Afin de déterminer une stratégie thérapeutique en parodontie, il convient de poser un diagnostic précis : on ne traitera pas de la même façon une gingivite, une parodontite de l’adulte ou une parodontite agressive.
Notre traitement sera différent face à un patient totalement denté ou lorsque des extractions sont prévues avec un projet prothétique et/ ou implantaire.
Au départ du traitement, les détartrages surfaçages et le contrôle de plaque sont déterminants ; ils constituent dans un grand nombre de cas l’essentiel du traitement.
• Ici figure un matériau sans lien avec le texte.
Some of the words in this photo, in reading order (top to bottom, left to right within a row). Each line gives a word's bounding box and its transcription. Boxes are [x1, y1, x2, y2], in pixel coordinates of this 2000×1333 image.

Cette approche non chirurgicale est largement facilitée aujourd’hui par des inserts d’ultra son sophistiqués qui nous permettent d’accéder plus précisément et plus profondément dans les poches (voir à ce sujet la conférence en différé du Pr. Jean-Pierre Ouhayoun diffusée en octobre dernier)
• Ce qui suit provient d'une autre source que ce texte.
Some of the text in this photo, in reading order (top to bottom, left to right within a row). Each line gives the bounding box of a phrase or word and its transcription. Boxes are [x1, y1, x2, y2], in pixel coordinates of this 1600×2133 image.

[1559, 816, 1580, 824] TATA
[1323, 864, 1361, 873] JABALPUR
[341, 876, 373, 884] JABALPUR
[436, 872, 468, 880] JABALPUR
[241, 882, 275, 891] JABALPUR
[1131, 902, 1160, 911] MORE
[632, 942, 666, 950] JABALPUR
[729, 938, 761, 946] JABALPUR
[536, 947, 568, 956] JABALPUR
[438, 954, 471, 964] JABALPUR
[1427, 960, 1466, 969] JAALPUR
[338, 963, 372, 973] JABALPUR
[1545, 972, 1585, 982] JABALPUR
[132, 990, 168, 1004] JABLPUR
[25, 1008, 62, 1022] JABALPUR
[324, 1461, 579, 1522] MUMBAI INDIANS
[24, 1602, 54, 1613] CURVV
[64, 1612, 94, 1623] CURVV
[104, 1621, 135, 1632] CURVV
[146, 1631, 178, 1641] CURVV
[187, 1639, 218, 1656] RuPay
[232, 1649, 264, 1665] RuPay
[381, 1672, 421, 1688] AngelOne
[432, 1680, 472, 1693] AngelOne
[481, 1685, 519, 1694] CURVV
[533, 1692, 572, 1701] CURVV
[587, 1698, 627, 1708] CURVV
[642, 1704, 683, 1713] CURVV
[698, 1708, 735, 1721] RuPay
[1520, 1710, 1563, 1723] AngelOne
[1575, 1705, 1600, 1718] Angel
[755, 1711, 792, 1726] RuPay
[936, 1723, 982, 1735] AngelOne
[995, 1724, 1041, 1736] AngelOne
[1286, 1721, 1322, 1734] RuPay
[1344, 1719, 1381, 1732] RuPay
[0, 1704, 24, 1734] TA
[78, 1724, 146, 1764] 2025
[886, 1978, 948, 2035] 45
Les antimicrobiens, dans cette perspective non chirurgicale nous permettent de mieux contrôler les bactéries pathogènes au sein du biofilm.
Bien entendu, la chirurgie parodontale reste toujours d’actualité quand les poches sont profondes en présence de grande quantité de tartre sous gingival et /ou en pré prothétique.
Le tabac est considéré comme un facteur aggravant très important : son action sur les tissus parodontaux et sur la cicatrisation va influer fortement sur notre attitude thérapeutique
Ces différents points seront illustrés à partir de cas cliniques.